Isaiah is the prophet of Salvation. He is also known as the truly "Universalist" prophet, by which is meant that He makes it clear that salvation is extended equally to all nations and not just to Israel. He lived to see the fall of Israel and the deportation of the Israelites to Assyria, and he prophesied of their "return" to God (through repentance). He is truly a "major prophet" whose prophecies greatly influenced the Apostle Paul in the New Testament.

Category - Bible Commentaries

Isaiah 36-39: The Assyrian Siege of Jerusalem

Chapter 22: Hezekiah Healed

Isaiah 38:1-3 says,

1 In those days Hezekiah became mortally ill. And Isaiah the prophet the son of Amoz came to him and said to him, “Thus says the Lord, ‘Set your house in order, for you shall die and not live’.” 2 Then Hezekiah turned his face to the wall and prayed to the Lord, 3 and said, “Remember now, O Lord, I beseech You, how I have walked before You in truth and with a whole heart, and have done what is good in Your sight.” And Hezekiah wept bitterly.

We are not given a specific time in which this event occurred, but it probably happened while Jerusalem was yet in danger. Isaiah 38:6 says, “I will deliver you and this city” as if this was a future event.
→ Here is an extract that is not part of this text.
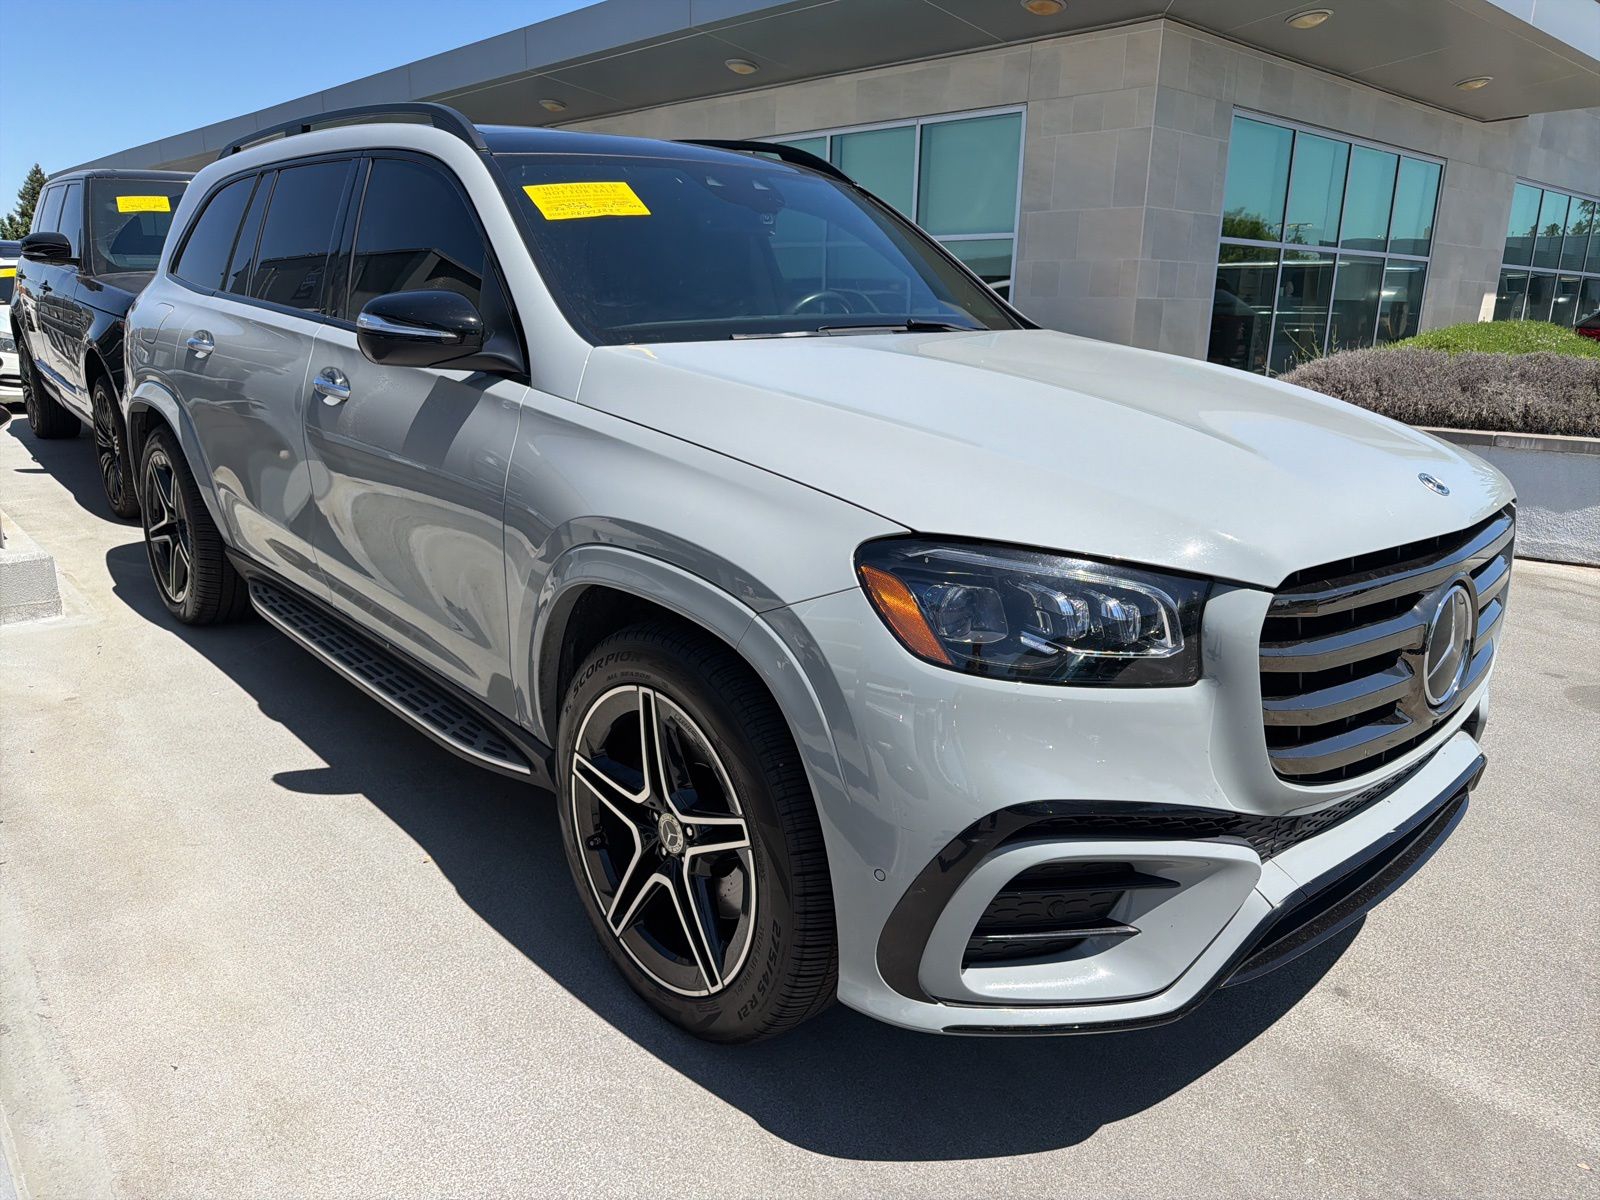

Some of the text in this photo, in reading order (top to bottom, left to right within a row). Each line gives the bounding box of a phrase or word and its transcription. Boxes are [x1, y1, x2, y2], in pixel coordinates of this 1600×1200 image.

[606, 671, 651, 681] ALL SEASON
[757, 920, 781, 995] 275/45
[737, 993, 759, 1021] R21
At the same time, it occurred after Isaiah was on speaking terms with the king, which did not occur until the city had been surrounded and threatened with destruction (Isaiah 37:1, 2). Hence, we are to understand the close connection and near simultaneous timing.

In Isaiah 37 Jerusalem was in mortal danger; in Isaiah 38 Hezekiah was in mortal danger. The two chapters are closely connected, as we will see. Jerusalem had been condemned to destruction in Isaiah 29:3, 6 but then had been given a temporary reprieve in Isaiah 37:36. Likewise, Hezekiah too was to “die and not live,” but he too was given a temporary reprieve so that he could bring forth an heir to the throne.

Deliverance Promised

Isaiah 38:4-6 says,

4 Then the word of the Lord came to Isaiah, saying, “Go and say to Hezekiah, ‘Thus says the Lord, the God of your father David, I have heard your prayer, I have seen your tears; behold, I will add fifteen years to your life. 6 I will deliver you and this city from the hand of the king of Assyria; and I will defend this city’.”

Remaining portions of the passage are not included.